Le temps que nous partageons est le beau titre du livre édité par le Kunsten à l’occasion de ses vingt ans et il résume parfaitement l’enjeu et le moteur de ce qui l’anime : “(Son) histoire est devenue un prisme à travers lequel nous avons tenté de créer une perspective à la fois sur les arts et sur le monde, et les imbrications réciproques qui font que l’un fait toujours partie de l’autre, et vice versa.” Composé de trois actes et deux interludes, il décline, sous formes d’interventions et de contributions des artistes qui ont jalonné son parcours, trois axes de réflexions : l’histoire, la scène et la société.  Et comme le Kunsten conjugue depuis toujours accompagnement et fidélité aux artistes avec la découverte de nouveaux talents, ce livre éclaire brillamment les spectacles de l’édition 2015.

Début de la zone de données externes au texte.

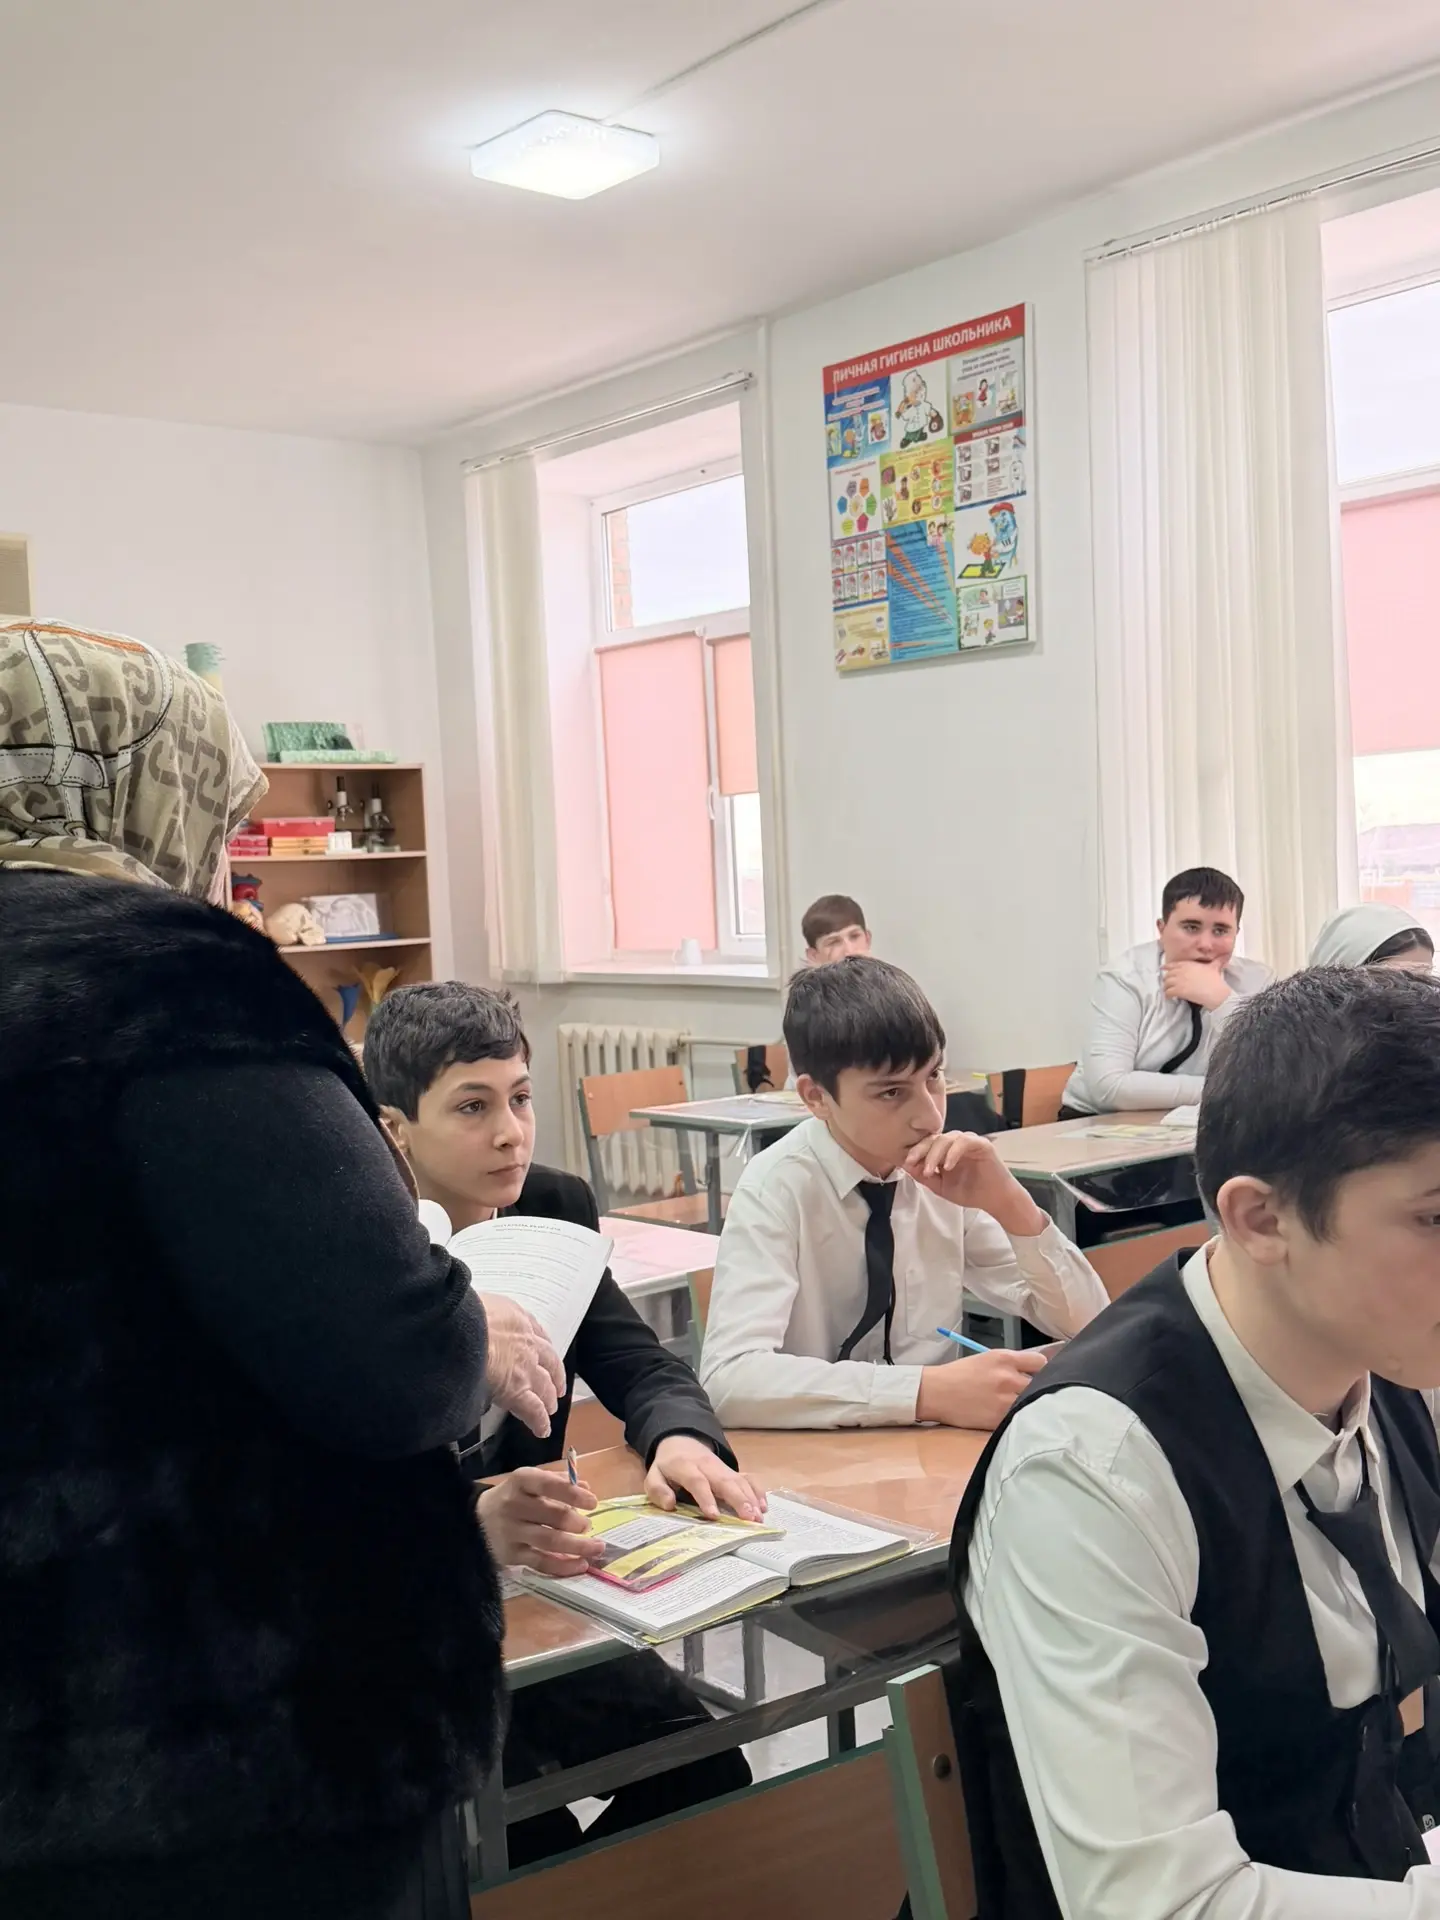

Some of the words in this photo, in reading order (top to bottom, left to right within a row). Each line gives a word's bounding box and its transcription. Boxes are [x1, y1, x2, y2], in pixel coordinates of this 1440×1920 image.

Ainsi du focus sur l’Argentine qui réunit les créations de Federico Leon et de Mariano Pensotti ou le projet de Milo Rau, de l’International Institute of Political Murder. Leur dénominateur commun correspond à l’acte I du livre : L’histoire est faite d’histoires – fiction et réalité, dans lequel chacun est représenté. Mais, du rire provoqué par Las Ideas de Federico Leon, à la fantaisie distillée par Cuando vuelva a casa voy a ser otro de Mariano Pensotti, en passant par la gravité et l’intensité émotionnelle dégagée par The Dark Ages de Milo Rau, si les thèmes sont communs, leurs propositions diffèrent radicalement.

Fabriquer du réel

Profondément jubilatoire, Las ideas de Federico Leon entraîne le spectateur à partager in situ le processus de création du spectacle qui se trame sous ses yeux. Soit deux amis, Federico Leon et Julian Tello, discutant sur une table de ping-pong où trône un ordinateur et autres accessoires et “se soumettant à des épreuves par lesquelles ils cherchent à déterminer ce que devrait être le réel dans une pièce, ou ce qu’il est nécessaire de générer afin que la pièce paraisse réelle“.  Comment fabriquer du réel qui ait l’air vrai ? Ne vaut-il pas mieux utiliser du vrai whisky ou fumer vraiment de l’herbe plutôt que de les remplacer par du thé ou de l’eucalyptus ? En quoi le faux peut-il se substituer au vrai et pourquoi ? Certes, jouer en étant défoncé modifie le jeu. Mais si l’on doit jouer la défonce, pourquoi ne pas l’être tout simplement ? Mais alors, comment maîtriser le jeu ? L’authenticité est-elle garante de la véracité ? Evidemment, on peut aussi mixer les deux et combiner fiction et réalité. Par exemple, fabriquer une bouteille qui contienne 70% de thé et 30% de whisky…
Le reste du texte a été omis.